◆ Directions
Your answer should be the line that contains "this 2048×1152 image." and each line after it, restated word for word through the final line of the entries.

(Source records)
>>>

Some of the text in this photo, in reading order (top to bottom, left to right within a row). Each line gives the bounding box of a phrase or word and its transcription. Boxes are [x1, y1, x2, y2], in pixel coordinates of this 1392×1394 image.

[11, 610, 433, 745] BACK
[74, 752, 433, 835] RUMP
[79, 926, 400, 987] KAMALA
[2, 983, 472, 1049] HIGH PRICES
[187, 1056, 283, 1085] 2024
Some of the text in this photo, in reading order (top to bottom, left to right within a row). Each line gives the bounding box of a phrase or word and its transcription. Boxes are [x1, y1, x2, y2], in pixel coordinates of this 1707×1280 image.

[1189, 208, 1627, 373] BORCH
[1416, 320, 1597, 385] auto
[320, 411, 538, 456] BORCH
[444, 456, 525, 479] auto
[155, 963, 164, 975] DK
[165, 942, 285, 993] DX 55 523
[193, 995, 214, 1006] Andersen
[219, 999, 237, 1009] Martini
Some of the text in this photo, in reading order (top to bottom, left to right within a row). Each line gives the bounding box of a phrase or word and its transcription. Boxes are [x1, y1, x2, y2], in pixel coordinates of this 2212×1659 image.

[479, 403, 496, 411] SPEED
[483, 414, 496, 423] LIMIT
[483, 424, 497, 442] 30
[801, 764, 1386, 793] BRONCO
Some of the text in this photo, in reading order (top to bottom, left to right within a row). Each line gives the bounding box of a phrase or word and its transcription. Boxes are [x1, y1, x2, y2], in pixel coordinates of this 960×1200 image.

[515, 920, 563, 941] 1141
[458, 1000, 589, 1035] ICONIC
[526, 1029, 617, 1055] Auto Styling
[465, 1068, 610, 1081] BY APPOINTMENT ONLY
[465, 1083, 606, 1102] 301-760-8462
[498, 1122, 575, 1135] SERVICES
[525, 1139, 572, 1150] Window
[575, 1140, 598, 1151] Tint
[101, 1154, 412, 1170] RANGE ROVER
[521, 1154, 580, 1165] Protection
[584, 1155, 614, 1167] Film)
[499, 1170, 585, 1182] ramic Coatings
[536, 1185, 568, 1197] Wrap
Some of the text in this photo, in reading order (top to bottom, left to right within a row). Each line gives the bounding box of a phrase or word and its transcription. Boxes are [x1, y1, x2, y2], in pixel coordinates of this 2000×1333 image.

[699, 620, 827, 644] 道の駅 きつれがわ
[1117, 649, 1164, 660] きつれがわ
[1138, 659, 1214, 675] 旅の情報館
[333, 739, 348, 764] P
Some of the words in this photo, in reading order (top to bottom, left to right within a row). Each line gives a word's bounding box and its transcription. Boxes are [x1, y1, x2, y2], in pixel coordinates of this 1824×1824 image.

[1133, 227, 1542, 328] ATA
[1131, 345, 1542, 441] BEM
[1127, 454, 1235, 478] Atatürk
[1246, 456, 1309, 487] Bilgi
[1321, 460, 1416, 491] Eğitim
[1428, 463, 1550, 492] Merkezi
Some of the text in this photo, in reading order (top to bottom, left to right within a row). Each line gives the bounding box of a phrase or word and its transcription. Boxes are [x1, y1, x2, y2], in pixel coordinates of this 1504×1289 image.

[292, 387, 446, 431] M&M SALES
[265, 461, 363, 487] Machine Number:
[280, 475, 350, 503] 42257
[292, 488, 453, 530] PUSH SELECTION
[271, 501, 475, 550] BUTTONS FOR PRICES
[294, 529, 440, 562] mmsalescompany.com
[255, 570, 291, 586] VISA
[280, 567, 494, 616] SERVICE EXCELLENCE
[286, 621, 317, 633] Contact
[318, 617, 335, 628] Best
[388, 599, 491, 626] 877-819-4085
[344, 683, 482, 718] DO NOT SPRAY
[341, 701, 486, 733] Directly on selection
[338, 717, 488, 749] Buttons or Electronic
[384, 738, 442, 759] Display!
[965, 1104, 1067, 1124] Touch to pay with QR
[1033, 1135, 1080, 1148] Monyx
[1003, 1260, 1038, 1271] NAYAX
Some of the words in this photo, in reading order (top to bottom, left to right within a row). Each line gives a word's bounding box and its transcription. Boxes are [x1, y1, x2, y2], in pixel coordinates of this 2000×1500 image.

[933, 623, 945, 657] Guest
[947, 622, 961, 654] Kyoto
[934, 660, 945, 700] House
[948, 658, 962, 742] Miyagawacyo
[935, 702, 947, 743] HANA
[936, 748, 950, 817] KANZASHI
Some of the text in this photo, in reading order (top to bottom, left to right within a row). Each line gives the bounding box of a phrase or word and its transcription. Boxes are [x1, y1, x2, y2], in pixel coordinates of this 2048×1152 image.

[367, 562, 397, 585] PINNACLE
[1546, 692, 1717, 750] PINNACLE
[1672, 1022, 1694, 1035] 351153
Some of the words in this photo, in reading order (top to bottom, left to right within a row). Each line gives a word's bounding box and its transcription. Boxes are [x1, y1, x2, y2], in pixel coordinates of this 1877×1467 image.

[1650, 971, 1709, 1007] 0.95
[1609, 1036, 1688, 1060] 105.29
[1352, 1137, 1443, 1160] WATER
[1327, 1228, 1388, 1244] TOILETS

<<<

◆ Result of this exercise
Some of the text in this photo, in reading order (top to bottom, left to right within a row). Each line gives the bounding box of a phrase or word and its transcription. Boxes are [x1, y1, x2, y2], in pixel coordinates of this 2048×1152 image.

[367, 562, 397, 585] PINNACLE
[1546, 692, 1717, 750] PINNACLE
[1672, 1022, 1694, 1035] 351153
Some of the words in this photo, in reading order (top to bottom, left to right within a row). Each line gives a word's bounding box and its transcription. Boxes are [x1, y1, x2, y2], in pixel coordinates of this 1877×1467 image.

[1650, 971, 1709, 1007] 0.95
[1609, 1036, 1688, 1060] 105.29
[1352, 1137, 1443, 1160] WATER
[1327, 1228, 1388, 1244] TOILETS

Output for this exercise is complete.